ACTIVITY
Repeat exactly, and only, the lines from the one containing "this 1280×1280 image." through the end of the records.
╭─ DATA
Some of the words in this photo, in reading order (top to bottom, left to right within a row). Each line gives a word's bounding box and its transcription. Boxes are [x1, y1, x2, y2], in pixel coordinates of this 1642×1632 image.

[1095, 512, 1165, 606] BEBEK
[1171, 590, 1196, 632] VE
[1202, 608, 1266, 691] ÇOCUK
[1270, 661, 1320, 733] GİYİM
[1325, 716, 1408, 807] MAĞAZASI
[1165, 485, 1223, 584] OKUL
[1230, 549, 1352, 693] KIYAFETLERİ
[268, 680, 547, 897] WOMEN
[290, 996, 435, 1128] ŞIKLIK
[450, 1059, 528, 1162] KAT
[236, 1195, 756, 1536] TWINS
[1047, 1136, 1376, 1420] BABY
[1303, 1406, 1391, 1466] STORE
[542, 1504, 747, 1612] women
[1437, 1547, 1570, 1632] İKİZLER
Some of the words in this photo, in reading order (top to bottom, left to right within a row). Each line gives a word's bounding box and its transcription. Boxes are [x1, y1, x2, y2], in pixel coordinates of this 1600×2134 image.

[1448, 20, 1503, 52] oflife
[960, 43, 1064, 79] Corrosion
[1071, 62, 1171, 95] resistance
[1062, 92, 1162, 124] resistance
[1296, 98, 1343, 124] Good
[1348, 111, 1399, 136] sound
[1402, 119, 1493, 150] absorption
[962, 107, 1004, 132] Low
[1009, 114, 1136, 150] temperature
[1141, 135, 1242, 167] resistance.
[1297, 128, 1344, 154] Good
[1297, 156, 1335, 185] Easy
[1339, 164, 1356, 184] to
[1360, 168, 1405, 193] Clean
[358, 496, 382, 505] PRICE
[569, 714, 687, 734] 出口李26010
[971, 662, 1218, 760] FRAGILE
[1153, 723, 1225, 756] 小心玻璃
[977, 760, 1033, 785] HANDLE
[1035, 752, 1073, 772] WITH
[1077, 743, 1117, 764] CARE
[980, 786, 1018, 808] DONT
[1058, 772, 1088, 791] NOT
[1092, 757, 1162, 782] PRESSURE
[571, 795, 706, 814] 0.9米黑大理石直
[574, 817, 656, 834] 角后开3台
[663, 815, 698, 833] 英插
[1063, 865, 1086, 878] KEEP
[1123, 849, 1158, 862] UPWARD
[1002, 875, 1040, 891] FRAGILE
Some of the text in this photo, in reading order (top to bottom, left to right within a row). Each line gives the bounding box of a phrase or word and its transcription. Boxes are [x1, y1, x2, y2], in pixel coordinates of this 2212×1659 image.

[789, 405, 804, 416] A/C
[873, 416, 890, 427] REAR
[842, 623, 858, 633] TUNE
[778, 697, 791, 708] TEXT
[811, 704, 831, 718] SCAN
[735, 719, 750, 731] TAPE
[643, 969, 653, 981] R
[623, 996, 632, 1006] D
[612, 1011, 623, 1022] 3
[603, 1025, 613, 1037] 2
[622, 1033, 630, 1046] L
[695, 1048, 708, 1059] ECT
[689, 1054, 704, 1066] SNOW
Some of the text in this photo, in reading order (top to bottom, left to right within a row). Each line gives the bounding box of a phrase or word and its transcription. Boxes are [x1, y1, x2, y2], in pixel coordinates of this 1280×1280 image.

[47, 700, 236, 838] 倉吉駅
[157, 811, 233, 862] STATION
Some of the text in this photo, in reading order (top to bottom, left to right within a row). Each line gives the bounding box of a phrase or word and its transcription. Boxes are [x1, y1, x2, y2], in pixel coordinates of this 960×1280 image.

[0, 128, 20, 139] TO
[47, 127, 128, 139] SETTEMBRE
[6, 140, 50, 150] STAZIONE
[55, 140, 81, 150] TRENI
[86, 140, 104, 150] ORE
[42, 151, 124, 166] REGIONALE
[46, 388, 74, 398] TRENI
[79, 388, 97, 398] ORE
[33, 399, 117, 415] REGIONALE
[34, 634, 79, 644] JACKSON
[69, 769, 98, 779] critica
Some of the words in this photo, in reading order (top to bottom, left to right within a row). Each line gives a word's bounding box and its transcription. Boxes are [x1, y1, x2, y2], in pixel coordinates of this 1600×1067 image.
╰─
REPLY TO THE EXERCISE
Some of the text in this photo, in reading order (top to bottom, left to right within a row). Each line gives the bounding box of a phrase or word and its transcription. Boxes are [x1, y1, x2, y2], in pixel coordinates of this 1280×1280 image.

[47, 700, 236, 838] 倉吉駅
[157, 811, 233, 862] STATION
Some of the text in this photo, in reading order (top to bottom, left to right within a row). Each line gives the bounding box of a phrase or word and its transcription. Boxes are [x1, y1, x2, y2], in pixel coordinates of this 960×1280 image.

[0, 128, 20, 139] TO
[47, 127, 128, 139] SETTEMBRE
[6, 140, 50, 150] STAZIONE
[55, 140, 81, 150] TRENI
[86, 140, 104, 150] ORE
[42, 151, 124, 166] REGIONALE
[46, 388, 74, 398] TRENI
[79, 388, 97, 398] ORE
[33, 399, 117, 415] REGIONALE
[34, 634, 79, 644] JACKSON
[69, 769, 98, 779] critica
Some of the words in this photo, in reading order (top to bottom, left to right within a row). Each line gives a word's bounding box and its transcription. Boxes are [x1, y1, x2, y2], in pixel coordinates of this 1600×1067 image.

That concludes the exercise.